◆ Record extracts:
__________________________________________________

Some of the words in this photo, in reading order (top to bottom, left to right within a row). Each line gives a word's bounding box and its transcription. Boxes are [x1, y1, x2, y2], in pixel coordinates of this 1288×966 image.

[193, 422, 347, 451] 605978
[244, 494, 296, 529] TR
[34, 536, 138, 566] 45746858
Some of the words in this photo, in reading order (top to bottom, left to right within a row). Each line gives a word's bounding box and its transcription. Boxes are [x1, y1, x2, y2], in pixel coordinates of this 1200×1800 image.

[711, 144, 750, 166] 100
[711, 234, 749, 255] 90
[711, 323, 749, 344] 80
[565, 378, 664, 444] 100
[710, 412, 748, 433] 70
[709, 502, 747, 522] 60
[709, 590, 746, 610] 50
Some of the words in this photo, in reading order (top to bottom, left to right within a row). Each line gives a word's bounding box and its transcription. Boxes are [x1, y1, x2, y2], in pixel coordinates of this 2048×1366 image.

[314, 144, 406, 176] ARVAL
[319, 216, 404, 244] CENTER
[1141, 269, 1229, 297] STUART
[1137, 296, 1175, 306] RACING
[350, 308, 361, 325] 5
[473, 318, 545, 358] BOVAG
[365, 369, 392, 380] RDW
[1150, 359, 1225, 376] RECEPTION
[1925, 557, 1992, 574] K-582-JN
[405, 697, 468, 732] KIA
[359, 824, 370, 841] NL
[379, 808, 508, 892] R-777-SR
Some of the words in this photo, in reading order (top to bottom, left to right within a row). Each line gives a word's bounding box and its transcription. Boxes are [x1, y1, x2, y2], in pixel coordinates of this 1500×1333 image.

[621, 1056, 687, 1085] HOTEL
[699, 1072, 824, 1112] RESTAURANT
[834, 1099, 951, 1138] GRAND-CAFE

__________________________________________________

◆ What you should do:
From top to bottom, reproduce the material exactly.

◆ Exercise response:
Some of the words in this photo, in reading order (top to bottom, left to right within a row). Each line gives a word's bounding box and its transcription. Boxes are [x1, y1, x2, y2], in pixel coordinates of this 1288×966 image.

[193, 422, 347, 451] 605978
[244, 494, 296, 529] TR
[34, 536, 138, 566] 45746858
Some of the words in this photo, in reading order (top to bottom, left to right within a row). Each line gives a word's bounding box and its transcription. Boxes are [x1, y1, x2, y2], in pixel coordinates of this 1200×1800 image.

[711, 144, 750, 166] 100
[711, 234, 749, 255] 90
[711, 323, 749, 344] 80
[565, 378, 664, 444] 100
[710, 412, 748, 433] 70
[709, 502, 747, 522] 60
[709, 590, 746, 610] 50
Some of the words in this photo, in reading order (top to bottom, left to right within a row). Each line gives a word's bounding box and its transcription. Boxes are [x1, y1, x2, y2], in pixel coordinates of this 2048×1366 image.

[314, 144, 406, 176] ARVAL
[319, 216, 404, 244] CENTER
[1141, 269, 1229, 297] STUART
[1137, 296, 1175, 306] RACING
[350, 308, 361, 325] 5
[473, 318, 545, 358] BOVAG
[365, 369, 392, 380] RDW
[1150, 359, 1225, 376] RECEPTION
[1925, 557, 1992, 574] K-582-JN
[405, 697, 468, 732] KIA
[359, 824, 370, 841] NL
[379, 808, 508, 892] R-777-SR
Some of the words in this photo, in reading order (top to bottom, left to right within a row). Each line gives a word's bounding box and its transcription. Boxes are [x1, y1, x2, y2], in pixel coordinates of this 1500×1333 image.

[621, 1056, 687, 1085] HOTEL
[699, 1072, 824, 1112] RESTAURANT
[834, 1099, 951, 1138] GRAND-CAFE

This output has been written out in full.